--- WHAT THIS TASK INVOLVES ---
Copy exactly the lines that run from the line containing "this 1536×1536 image." to the end of the material below, both ends included.
---------------
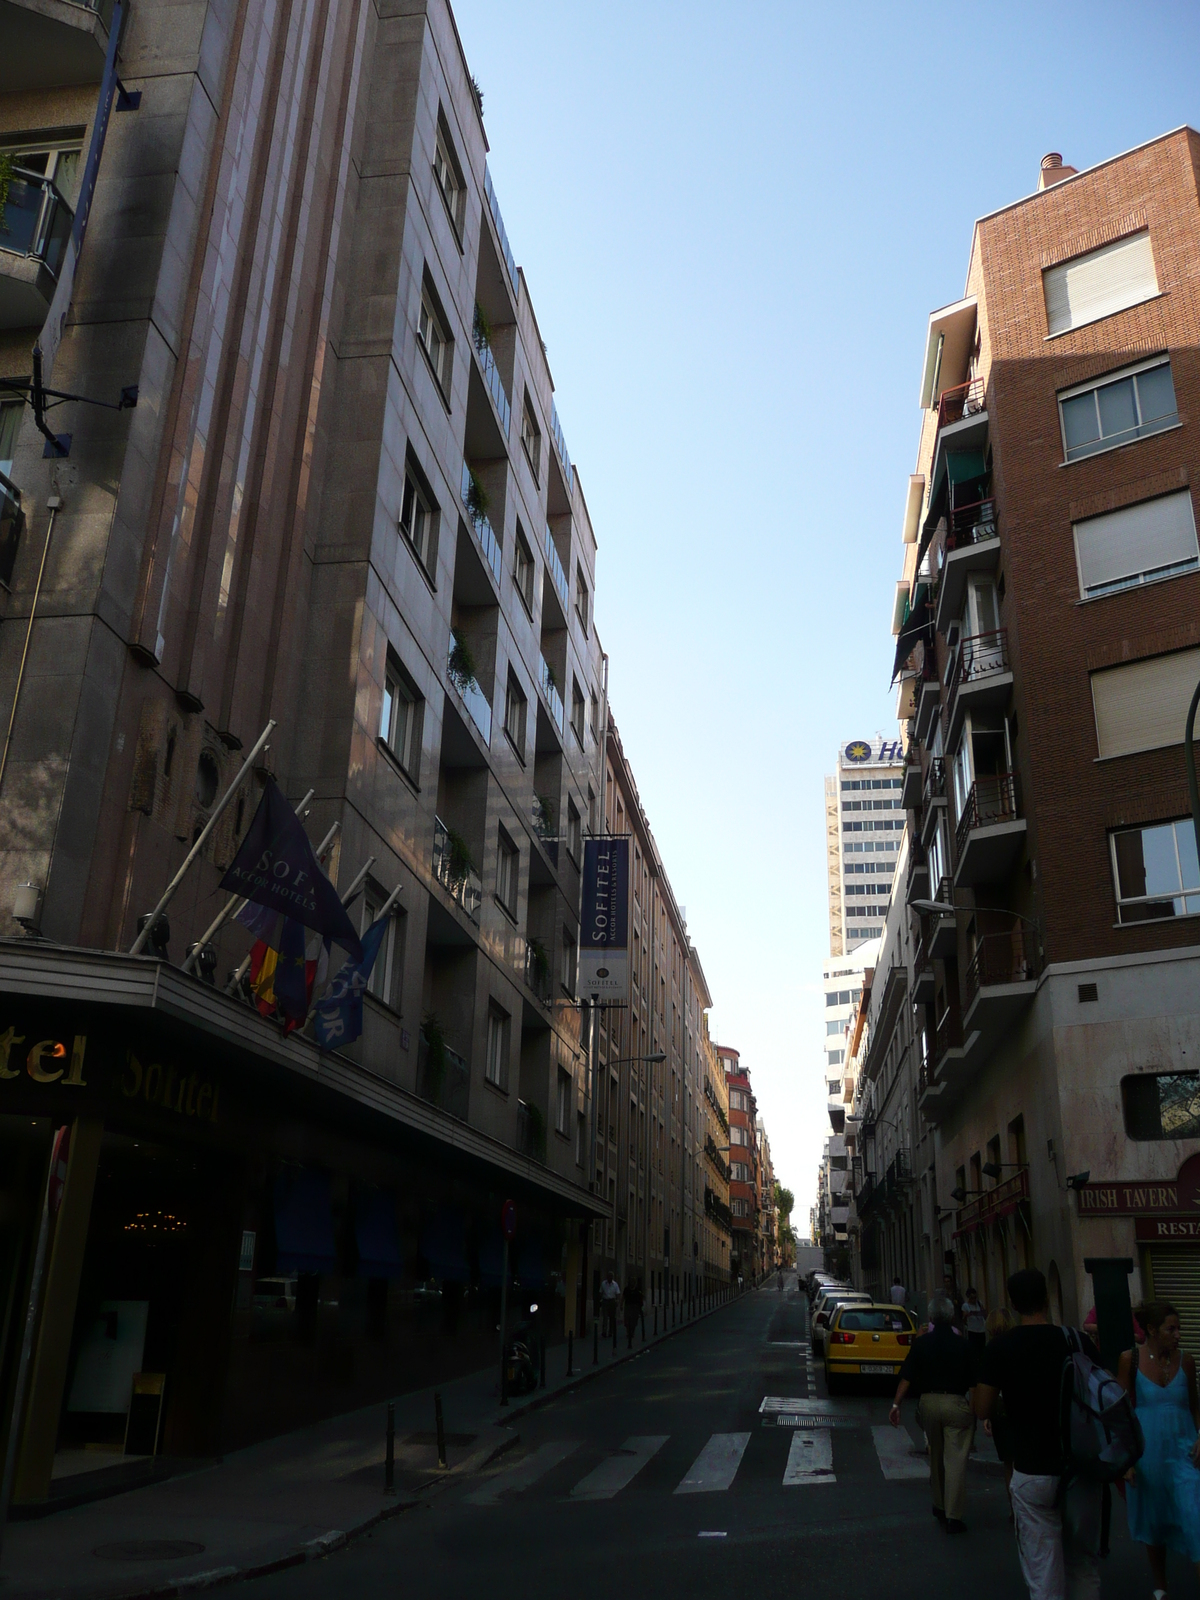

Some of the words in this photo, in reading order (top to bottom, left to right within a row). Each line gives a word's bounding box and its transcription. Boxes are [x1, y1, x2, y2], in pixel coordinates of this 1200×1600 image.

[232, 866, 269, 888] ACCOR
[271, 882, 317, 911] HOTELS
[591, 851, 610, 941] SOFITEL
[1080, 1189, 1118, 1209] IRISH
[1122, 1187, 1179, 1208] TAVERN
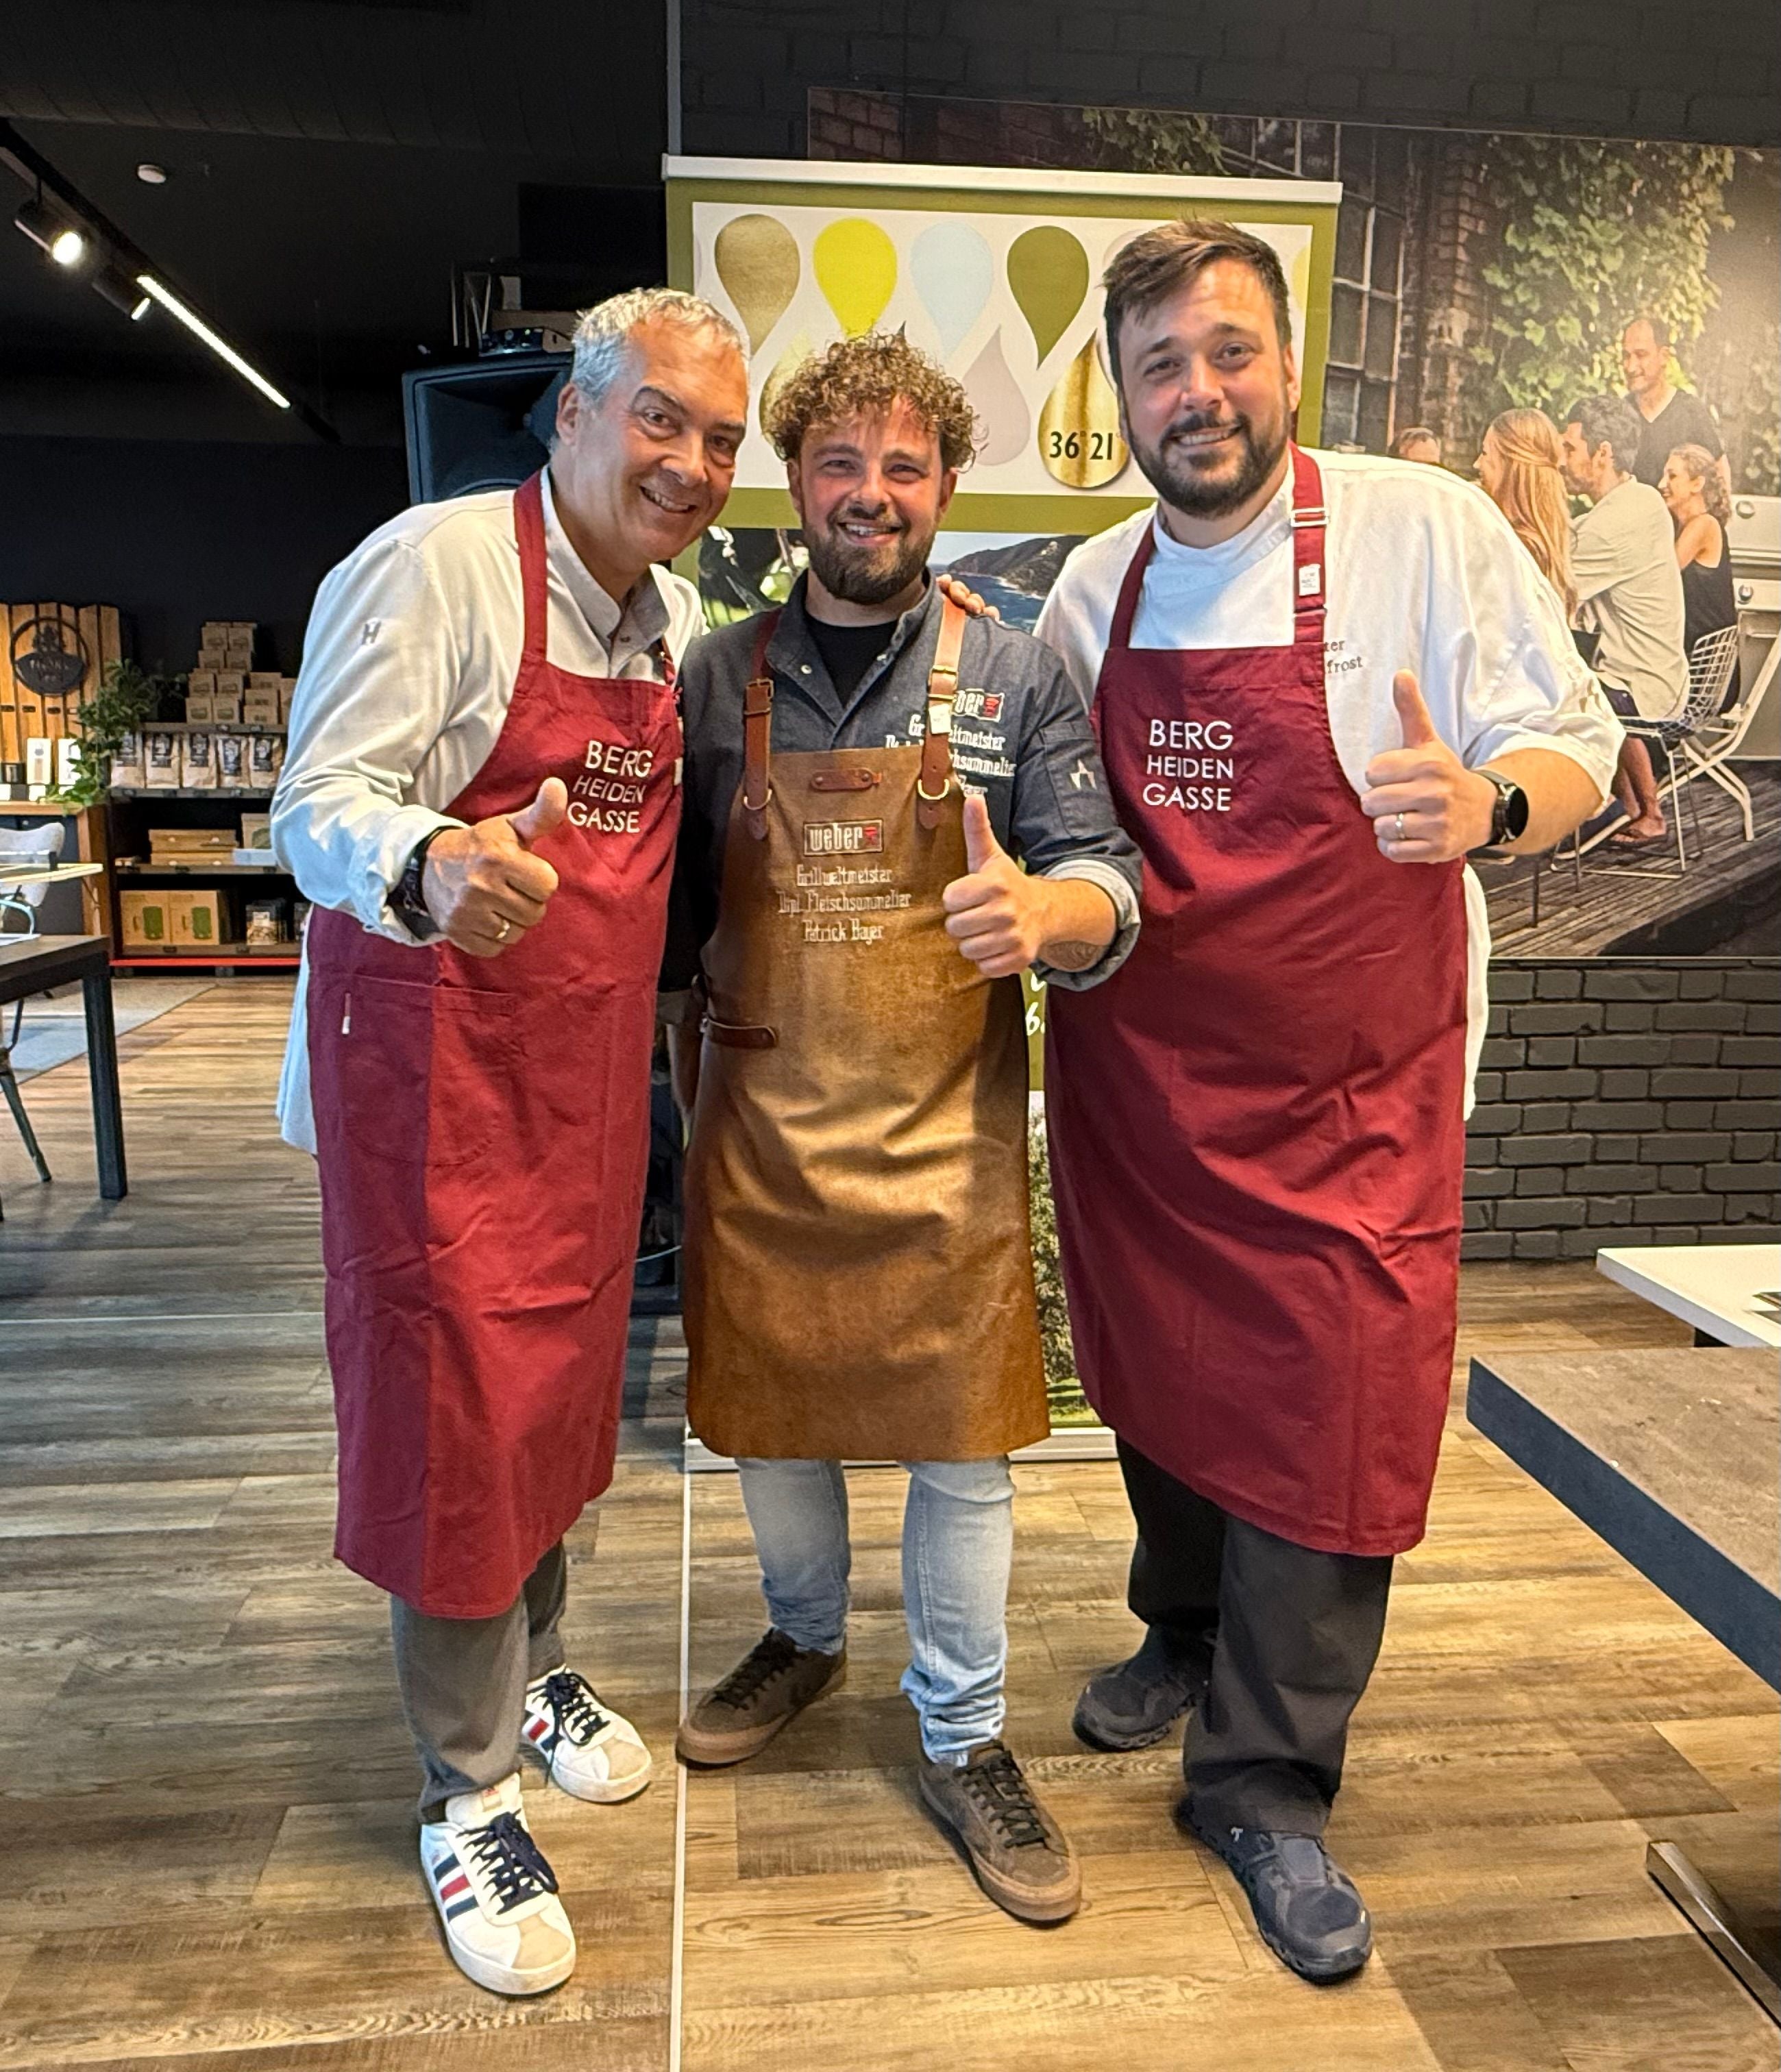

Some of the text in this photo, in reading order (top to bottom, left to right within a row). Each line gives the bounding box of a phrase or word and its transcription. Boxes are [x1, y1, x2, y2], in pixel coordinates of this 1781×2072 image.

[1325, 640, 1345, 652] ter
[1325, 656, 1364, 674] frost
[1149, 719, 1233, 751] BERG
[585, 740, 653, 778] BERG
[1146, 754, 1233, 780] HEIDEN
[572, 775, 646, 804] HEIDEN
[1142, 782, 1231, 812] GASSE
[567, 802, 641, 834] GASSE
[809, 822, 863, 851] weber
[806, 889, 912, 913] Fleischsommelier
[802, 917, 885, 946] Patrick Bayer
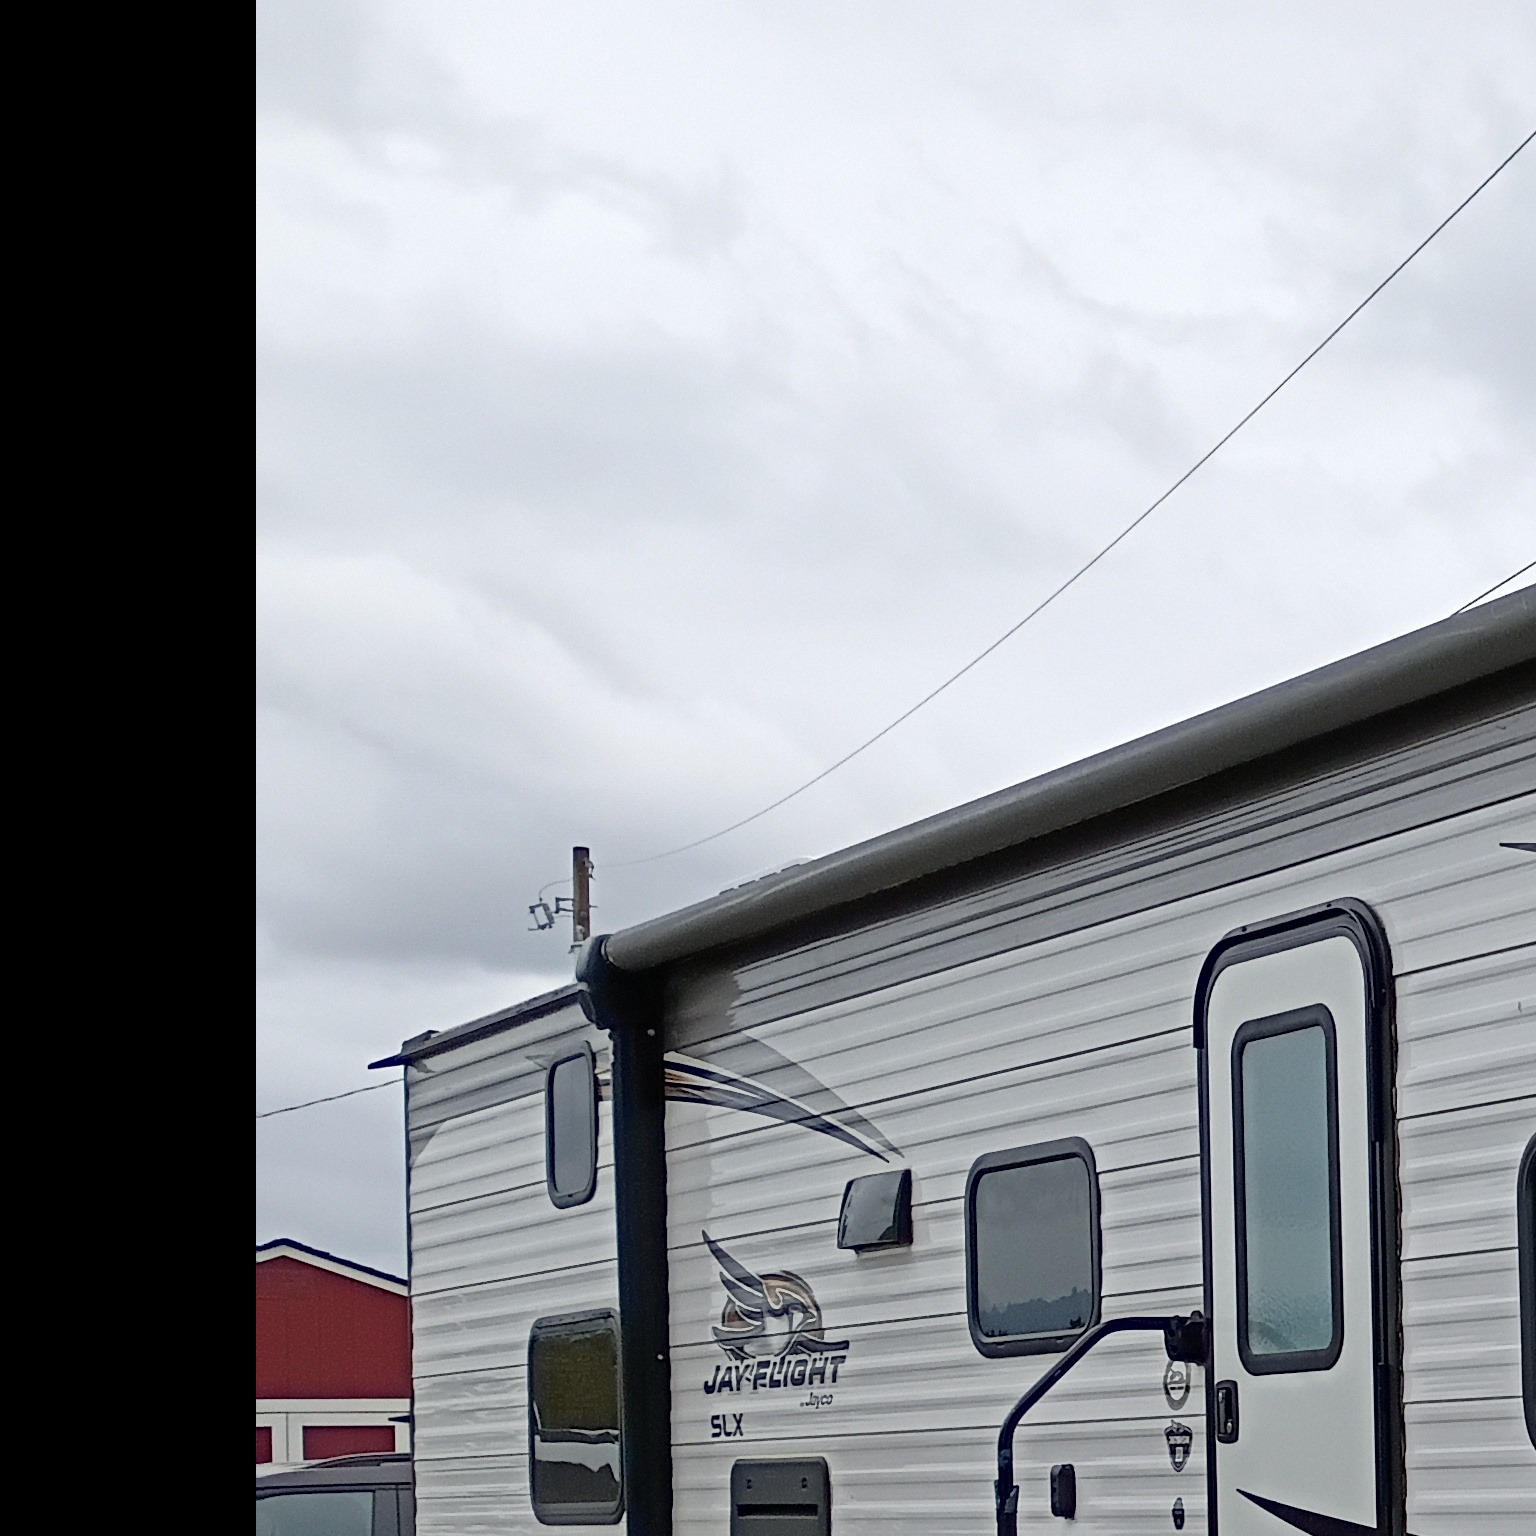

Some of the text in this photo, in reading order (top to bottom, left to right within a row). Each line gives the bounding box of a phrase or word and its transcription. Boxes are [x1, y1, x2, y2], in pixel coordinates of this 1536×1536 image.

[704, 1355, 847, 1394] JAY FLIGHT
[710, 1413, 744, 1438] SLX
---------------
--- EXERCISE SOLUTION ---
Some of the text in this photo, in reading order (top to bottom, left to right within a row). Each line gives the bounding box of a phrase or word and its transcription. Boxes are [x1, y1, x2, y2], in pixel coordinates of this 1536×1536 image.

[704, 1355, 847, 1394] JAY FLIGHT
[710, 1413, 744, 1438] SLX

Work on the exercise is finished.